Christelle Téa dessine à l’encre de Chine, sur le vif, sans esquisse ni repentir. Sur la feuille blanche, elle pose un premier trait, minuscule, puis, partant de ce trait, un second, un troisième, et, de proche en proche, le dessin se développe comme un lierre jusqu’à envahir la page. Si le dessin s’organise peu à peu, ce n’est pas le résultat d’une construction préméditée. La logique qui préside à son élaboration relève de la même myopie existentielle que celle qui nous permet de nous orienter dans une ville sans recourir à un plan. Pas de surplomb, mais un œil mobile qui saute d’un accident à un autre, avance, recule, zigzague. Christelle Téa se dirige à vue avec l’intelligence de l’animal qui flaire sa piste. Elle ne cherche pas à reconstituer le monde en hiérarchisant ce qu’elle voit, en dégageant la structure de l’accessoire. Nulle construction perspective, nulle charpente anatomique. Elle saisit la réalité immédiate. C’est le monde comme il vient, sans canevas sous-jacent. Il est probable que les dessins de Christelle Téa donneraient du fil à retordre aux partisans de la Gestalt théorie pour qui le mécanisme de la perception traite les phénomènes comme des ensembles structurés et non comme une simple juxtaposition d’éléments. Chez elle, tout procède par le seul jeu des apparences, des chevauchements, des voisinages. Elle préfère le paraître à l’être, rejoignant en cela la grande tradition de l’art, qui est d’abord celle de l’artifice. Elle n’est d’ailleurs jamais aussi à l’aise qu’au milieu des efflorescences d’un ornement gothique ou d’un décor baroque. Pourtant, rien de passéiste chez elle, car cette prolifération des formes, elle sait la retrouver dans le bric-à-brac d’un atelier, dans l’accumulation des objets sur une table ou dans le débordement vestimentaire d’une penderie. Elle excelle à rendre la variété des matières, les peluches du tapis, le cuir d’une reliure, les souillures sur le sol ou la luisance des matières plastiques.

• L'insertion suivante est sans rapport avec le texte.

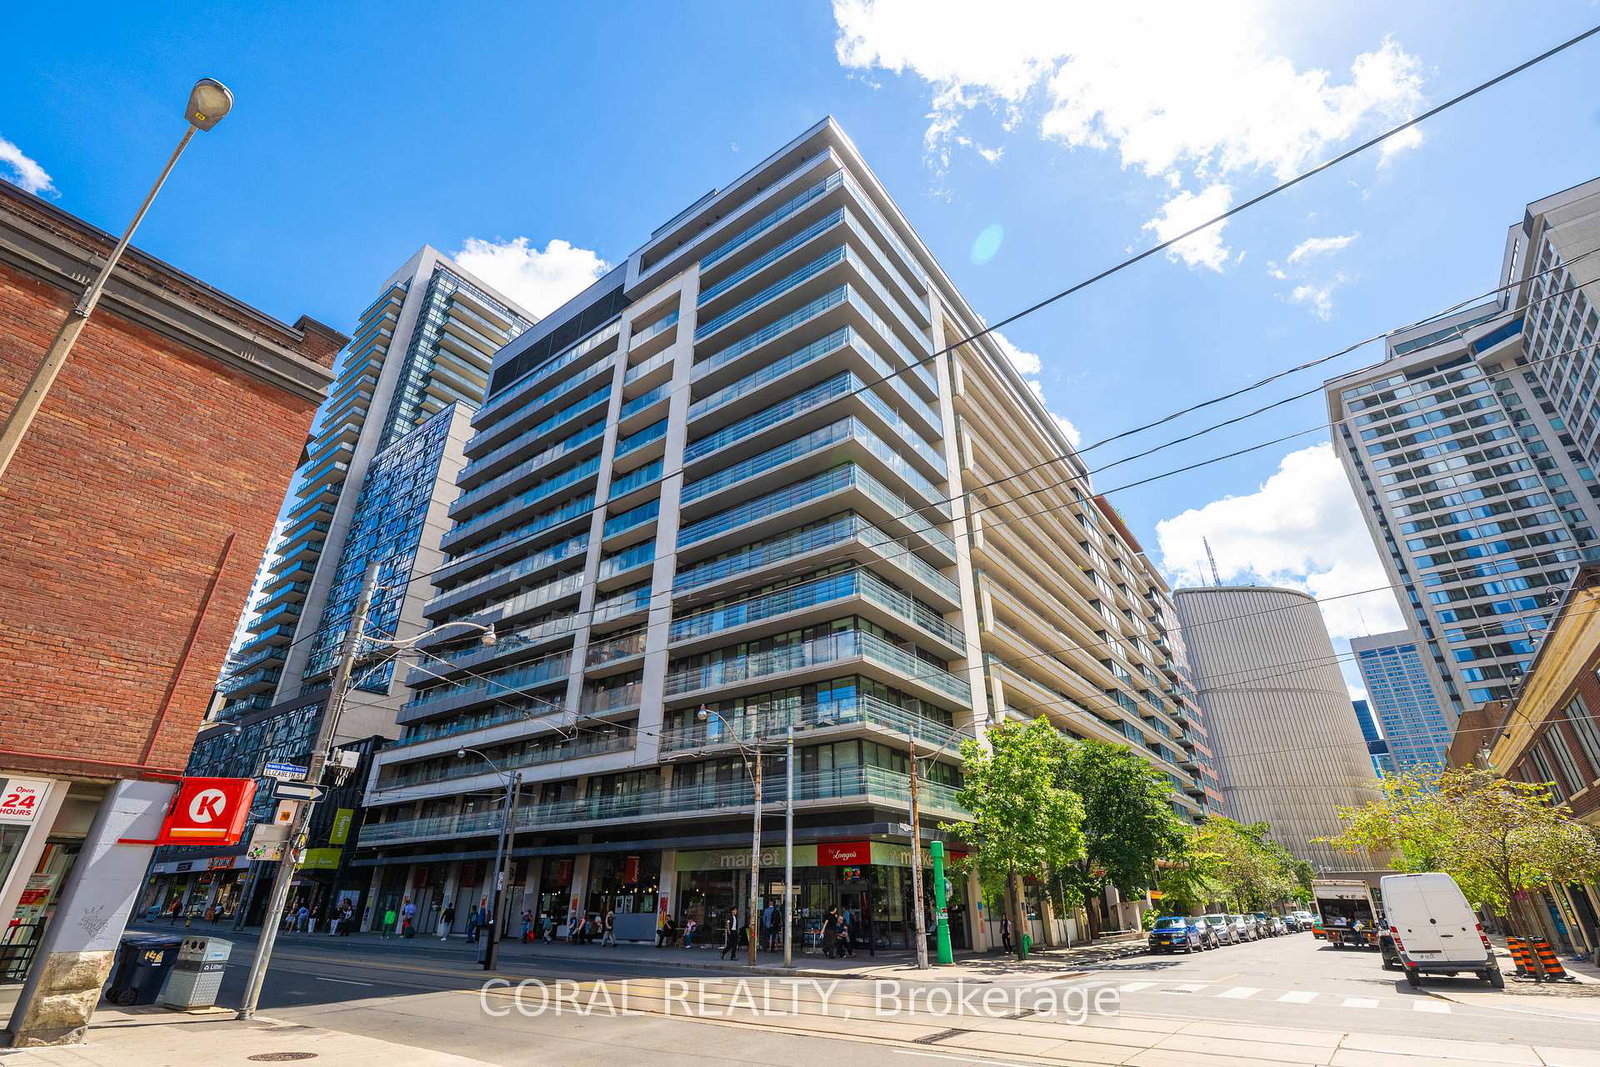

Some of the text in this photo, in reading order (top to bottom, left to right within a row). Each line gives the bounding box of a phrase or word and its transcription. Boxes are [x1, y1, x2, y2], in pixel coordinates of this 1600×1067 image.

Mais le résultat est loin d’être aussi chaotique que ne le laisserait supposer cette absence délibérée de méthode, car le désordre qu’elle saisit n’est pas homogène. Dans ses dessins, des îlots de complexité se détachent de l’ensemble, des formes émergent de la confusion visuelle. Si, à terme, le dessin suggère une cohérence, c’est une cohérence qui se révèle après coup, donc organique et non factice. Aucun système, aucune idée préconçue. Le dessin est précisément là pour faire surgir des relations et non pour plaquer des idées sur l’expérience sensible. Ce qui lie les choses entre elles est leur proximité, leur étagement dans la profondeur, leur imbrication sur la page blanche. La poésie naît de ces rencontres fortuites. Le vrai « dessein » de l’œuvre découle de cette ingénuité à saisir le monde sans a priori. N’est pas candide qui veut.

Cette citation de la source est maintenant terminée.